Marco Polo, birçok kaşifi etkilemesi yönüyle belki de diğer kaşiflerden bir adım öndedir. Babası Niccolo ve amcası Matteo , Orta Doğu ile ticaret yapan zengin tüccarlardı. Niccolo bir ticaret seferindeyken doğan Marco Polo, babasıyla ancak onbeş yaşına bastığı zaman tanışabilmiştir. 1271’de Cathay’a(günümüzde Çin) bir sefere çıkmışlardır. Bu sefer sırasında Papa 10.Gregory’nin Kubilay Han’a yazdığı mektupları ulaştırmakla da görevlendirilmişlerdir.
Ermenistan, Pers ve Afganistan ile Pamir Dağları boyunca, İpek Yolu üzerinden Taklamaken ve Gobi Çöllerini geçerek; üç yıl süren bir seyahatten sonra hedeflerine ulaşabilmişlerdir.
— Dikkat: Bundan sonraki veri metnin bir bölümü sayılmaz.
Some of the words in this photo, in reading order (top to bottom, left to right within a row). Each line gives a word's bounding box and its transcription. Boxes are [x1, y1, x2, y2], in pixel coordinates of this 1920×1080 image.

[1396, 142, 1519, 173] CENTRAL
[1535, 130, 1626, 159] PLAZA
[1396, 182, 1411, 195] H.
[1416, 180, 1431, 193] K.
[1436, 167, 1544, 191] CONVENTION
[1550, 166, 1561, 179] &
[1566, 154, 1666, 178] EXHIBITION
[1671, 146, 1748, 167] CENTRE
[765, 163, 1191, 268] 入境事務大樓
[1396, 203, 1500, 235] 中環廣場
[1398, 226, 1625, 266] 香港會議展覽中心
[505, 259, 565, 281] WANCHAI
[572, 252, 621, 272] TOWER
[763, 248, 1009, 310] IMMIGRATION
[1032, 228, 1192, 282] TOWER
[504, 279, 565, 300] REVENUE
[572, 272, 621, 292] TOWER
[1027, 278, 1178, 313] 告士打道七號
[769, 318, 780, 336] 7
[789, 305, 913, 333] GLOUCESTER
Marco Polo, gelecek on yedi yılını Han’ın sarayında geçirmiş, bu sürede birçok idari görev de almıştır.
Venedik’e geri döndüğü zaman orduya katılan Marco Polo savaş sırasında esir düşmüş ve buarada roman yazarı Rustichello da Pisa ile tanışmış; beraber günümüzde Marco Polo’nun Geziler Kitabı ( The Travels of Marco Polo) olarak bilinen eseri yazmışlardır.
Vasco Da Gama, 1460 yılında Portekiz’de doğdu. Yeterli yaşa ulaşır ulaşmaz donanmaya katıldı ve burada dümencilik sanatını öğrendi. Sert ve korkusuz bir dümenci olarak bilinen Vasco da Gama, 1492’de Fransız gemilerini Portekiz’e saygısızlık yaptıkları için ele geçirmesiyle saygınlığını iyice sağlamlaştırdı.
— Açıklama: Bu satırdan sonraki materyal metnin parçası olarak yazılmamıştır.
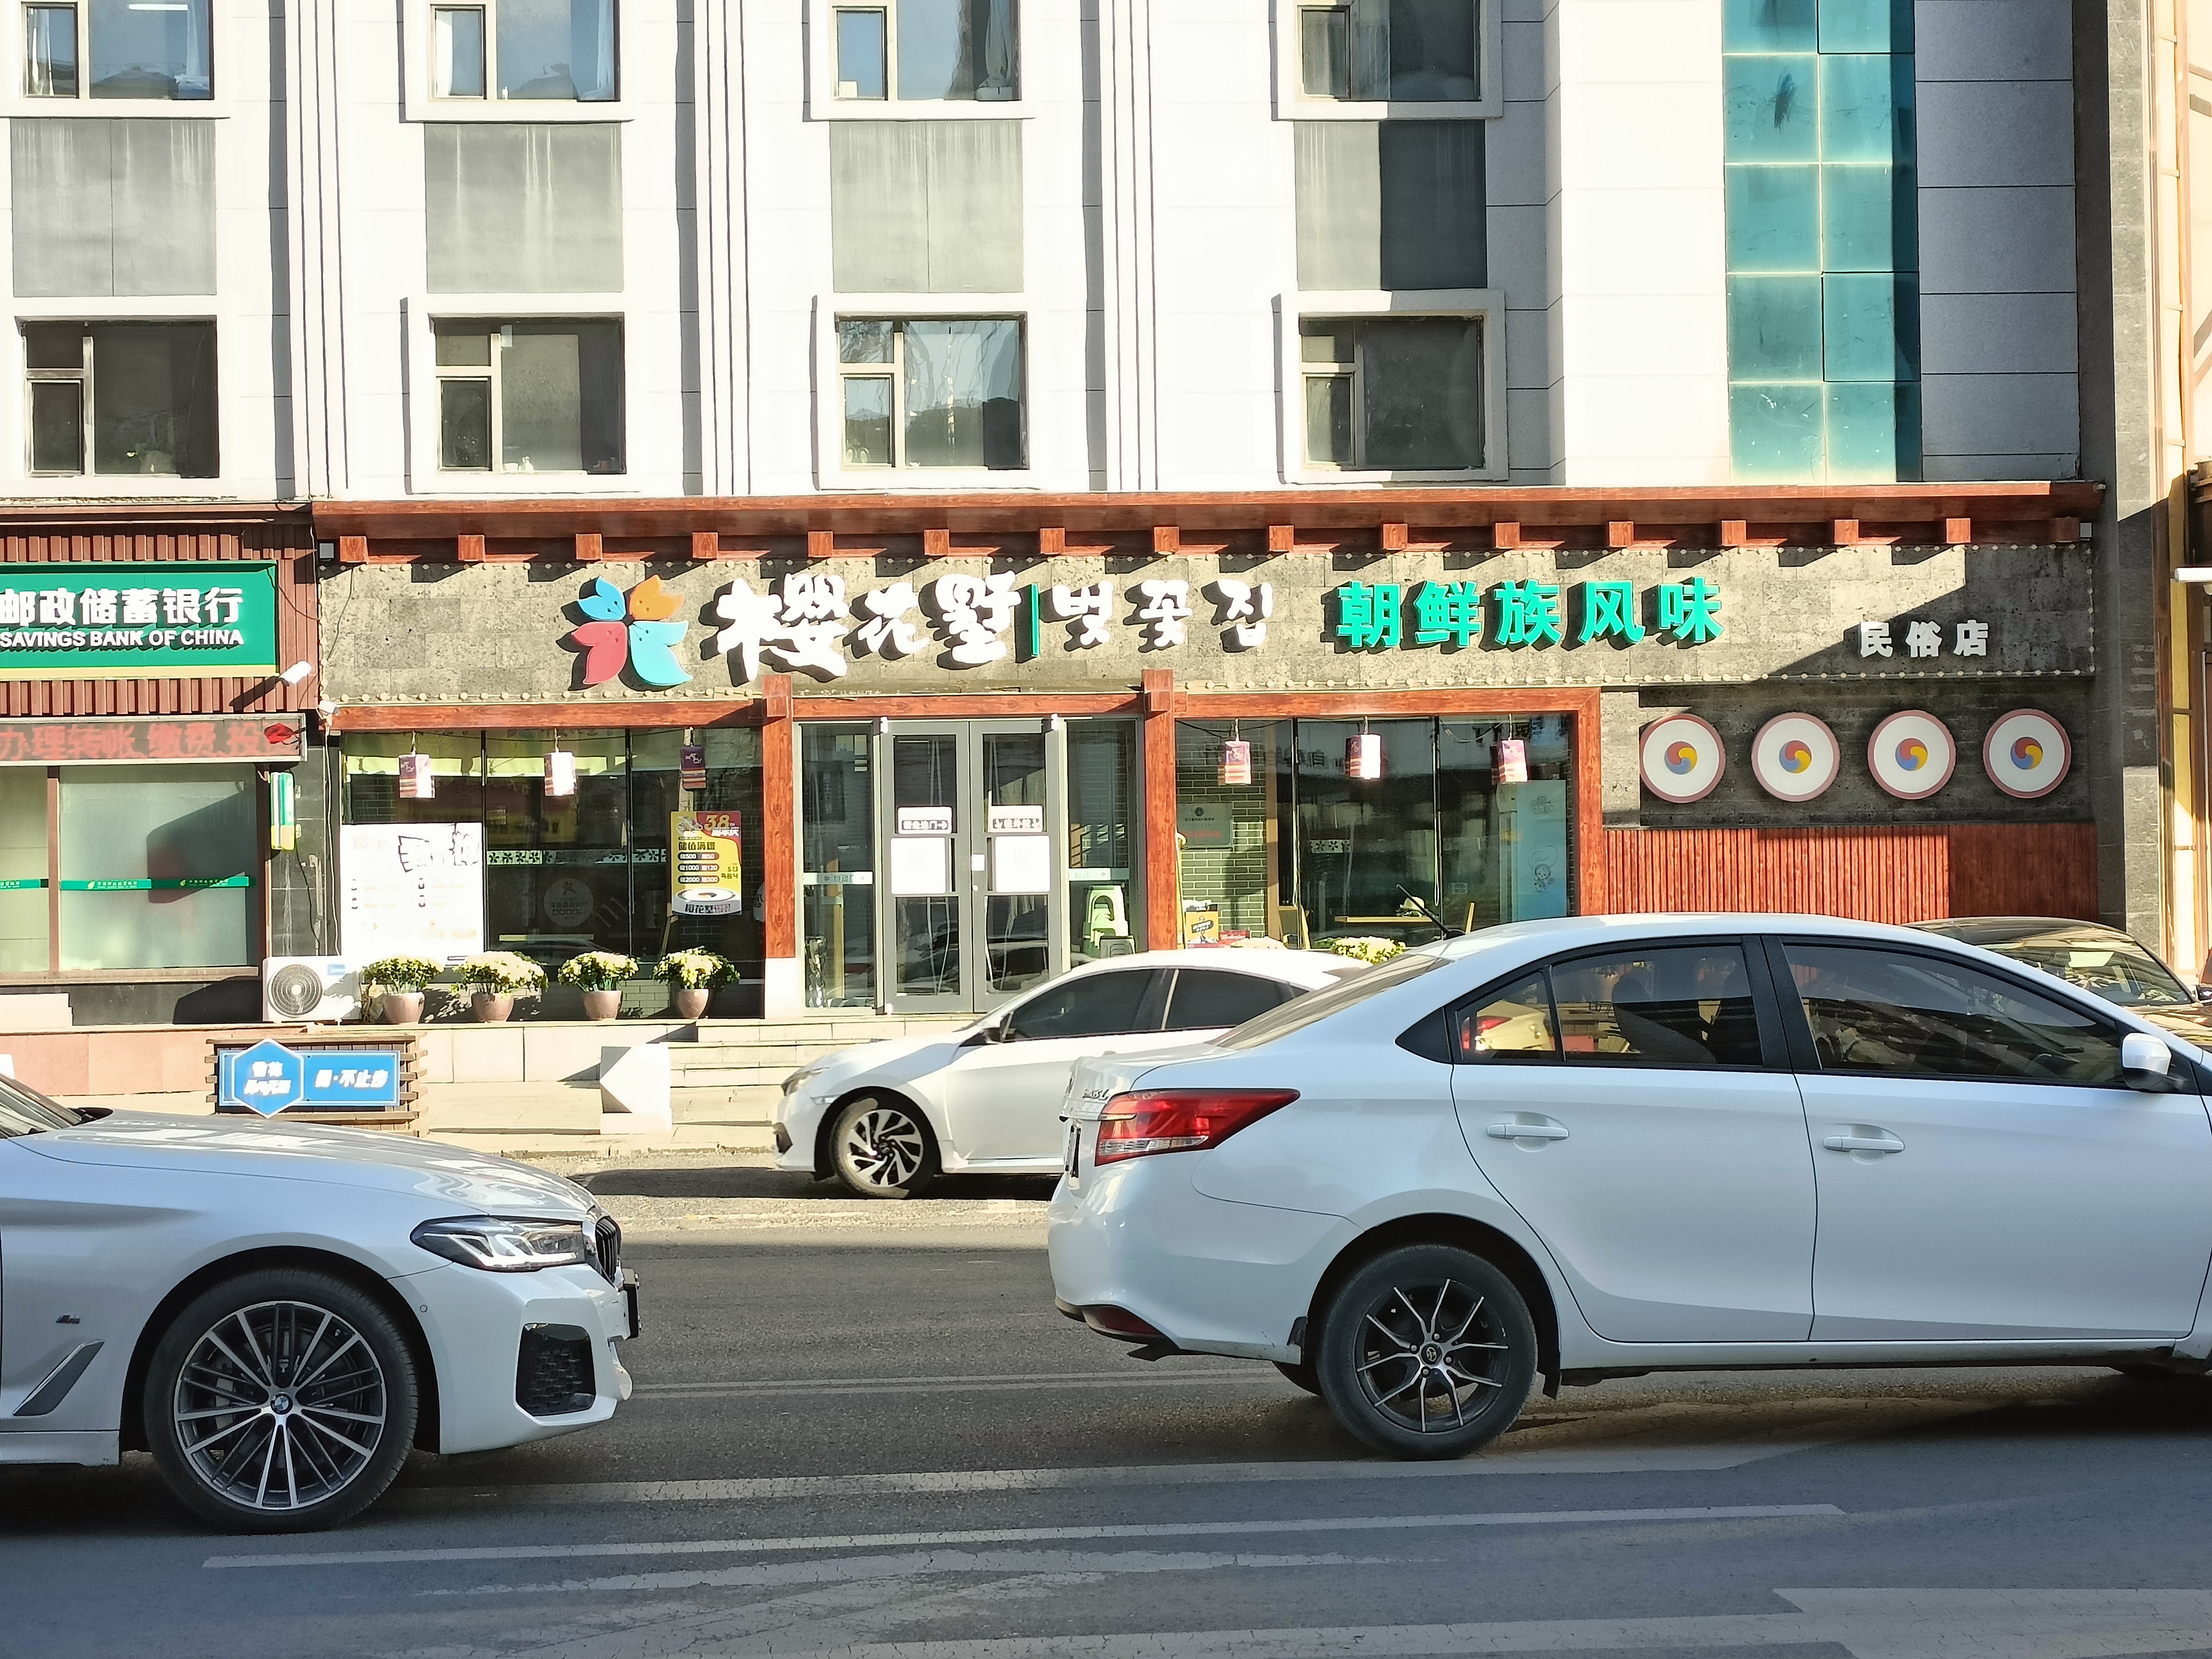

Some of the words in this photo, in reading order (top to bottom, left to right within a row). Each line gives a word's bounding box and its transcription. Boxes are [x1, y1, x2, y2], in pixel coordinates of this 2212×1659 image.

[0, 587, 243, 626] 邮政储蓄银行
[717, 571, 1022, 681] 樱花墅
[1336, 576, 1724, 648] 朝鲜族风味
[0, 630, 86, 648] SAVINGS
[89, 630, 144, 647] BANK
[148, 630, 177, 647] OF
[181, 629, 244, 646] CHINA
[1860, 619, 1989, 658] 民俗店
[704, 814, 730, 831] 38
1487 yılında Batolomeu Dias’ın Afrika’nın güney ucunu keşfetmesi ve böylece Atlantik ve Hint Okyanusu’nun birbirine bağlı olduğu kanıtlanmış oldu. İyi bir dümenci, ancak acemi bir kaşif olan Gama’nın neden Hindistan’a ve Doğu’ya giden deniz yolunu bulmak için görevlendirildiği tarihçiler için hala gizemini korusa da, o dört gemilik bir ekiple 1497 yılında Hindistan’a ve Doğu’ya deniz yolundan ulaşmak için yola çıkmıştı.
1498 yılında önce Mozambik’e, daha sonra Calicut’a ulaştılar. Mozambik’e uzun süre kalmasalar da Calicut yerlileri onlara üç aylığına ev sahipliği yaptı. Bazı kişilerce hoş karşılanmasalar da gerekli hazırlıkları yaptıktan sonra aynı yıl içerisinde, Ağustos ayında Portekiz’e geri dönmek için yola çıktılar. Muson rüzgarlarından ve yolculuğa yeterince hazırlanmadıklarından dolayı birçok gemici iskorbütten ve açlıktan dolayı öldü, Gama tasarruf edebilmek için bir gemisini yakmak zorunda kaldı.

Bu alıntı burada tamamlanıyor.